I’d like to know his backup solution
I wonder what their cost is to produce that case though.. that's gotta be like $700-$1,000 of that additional cost. From what I hear they are kinda bulletproof though at-least.. and gorgeous. I think mainly film studios are buying these.. never met a regular person with a modern one anyways.
Neat video.. crazy howe cheap you can upgrade SSD yourself with name brand stuff versus what apple is charging.
luke lets do another retro bulk rebuild like the 2g iphones!!! polycarbonate macs??
I have the Mac Pro 2019 and I wanted to buy the new one. At the same price of the M2 Ultra Mac Pro I assembled a dual RTX4090 + Threadripper cpu + 128GB ecc memory and 8TB of ssds. This workstation destroys the M2 Ultra and every part is replaceable/upgradable. If you use Logic or Final Cut you have to stay with Macs. Video compositing and 3d performs better on powerful gpus and, unfortunately, Apple doesn’t build anymore professional hw for the enterprise level.
I like how your videos and character are developing. Keep up the good work!
If you can afford it, this machine can host around half pb of storage
Apple patted themselves on the back for their supposed environmental efforts, but then wouldn't let people swap their Intel Mac Pro motherboards for a M2 Mac Pro motherboard. Feel like Apple just forgot about all the people who spent thousands on a modular profession computer. I can't believe this Mac Pro didn't come with the 2TB drive so disappointing for the cost.

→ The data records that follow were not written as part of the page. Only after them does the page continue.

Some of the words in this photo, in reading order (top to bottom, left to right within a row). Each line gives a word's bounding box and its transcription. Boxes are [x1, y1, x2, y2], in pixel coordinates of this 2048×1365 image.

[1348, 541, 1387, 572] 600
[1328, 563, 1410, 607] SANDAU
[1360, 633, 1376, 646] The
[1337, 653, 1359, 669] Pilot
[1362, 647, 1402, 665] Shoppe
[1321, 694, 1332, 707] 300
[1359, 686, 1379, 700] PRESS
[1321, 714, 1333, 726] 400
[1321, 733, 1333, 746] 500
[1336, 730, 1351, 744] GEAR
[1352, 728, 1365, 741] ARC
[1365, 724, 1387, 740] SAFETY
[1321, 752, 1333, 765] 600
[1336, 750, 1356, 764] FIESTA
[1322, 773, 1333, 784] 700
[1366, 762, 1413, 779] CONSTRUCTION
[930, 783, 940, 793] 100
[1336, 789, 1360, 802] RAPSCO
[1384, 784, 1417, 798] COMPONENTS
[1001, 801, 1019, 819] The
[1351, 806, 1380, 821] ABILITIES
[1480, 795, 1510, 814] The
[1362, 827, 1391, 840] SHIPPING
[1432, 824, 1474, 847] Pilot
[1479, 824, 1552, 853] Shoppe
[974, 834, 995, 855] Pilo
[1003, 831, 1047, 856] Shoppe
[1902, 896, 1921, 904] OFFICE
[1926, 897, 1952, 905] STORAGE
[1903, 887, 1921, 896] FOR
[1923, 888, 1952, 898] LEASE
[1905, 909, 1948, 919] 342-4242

Luke is it possible to make a new boot drive with 8tb raid nvme and not use the built in Mac ssd to boot the Mac
The Mac Pro is definitely a missed opportunity. If it had an upgradeable CPU module/card for single/dual/quad Mx Ultras and Apple had produced a dedicated ray tracing card - it would be a machine of legend.

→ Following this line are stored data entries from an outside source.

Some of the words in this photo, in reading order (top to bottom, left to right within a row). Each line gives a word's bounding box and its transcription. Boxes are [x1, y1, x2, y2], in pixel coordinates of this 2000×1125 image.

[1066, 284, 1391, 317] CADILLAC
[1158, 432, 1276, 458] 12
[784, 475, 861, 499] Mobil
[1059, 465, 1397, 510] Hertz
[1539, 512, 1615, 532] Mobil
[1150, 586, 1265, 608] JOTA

I have the feeling that if Apple becomes more user friendly with those Apple silicon they will gain more territory on the pro side
How to get the black magic speed test on windows?
A "pro" tower that is unable to upgrade RAM, CPU or GPU. You can't even use the top performing graphics cards in these. Terrible product. A worse deal than the $1000 monitor stand.
You can't use the top-performing graphics cards at all in MacOS, even on Intel macs, so it's not like it matters.
@@Longlius I used AMD cards in my intel mac pro 5,1. Did quite a few installs of high end Radeons for people in them as well. Yeah, it sucked that most NVIDIA cards weren't supported though.
Someone should make one of those stand/dock things that stacks with a Mac Mini/Studio with 4 x m.2 drives and maybe one with 2 HDD. I searched and found some that do 1 HDD and 1 m.2, but that's rather lacking. Storage just seems like a really bad reason to spend $3,000 for an empty box.
QNAP just released a 5 * m.2 / ES1 box. It looks nice and I'm sure you could put a Studio on top of it, but it wouldn't be quite as neat of a stack. Works as either Thunderbolt or NAS which is nice.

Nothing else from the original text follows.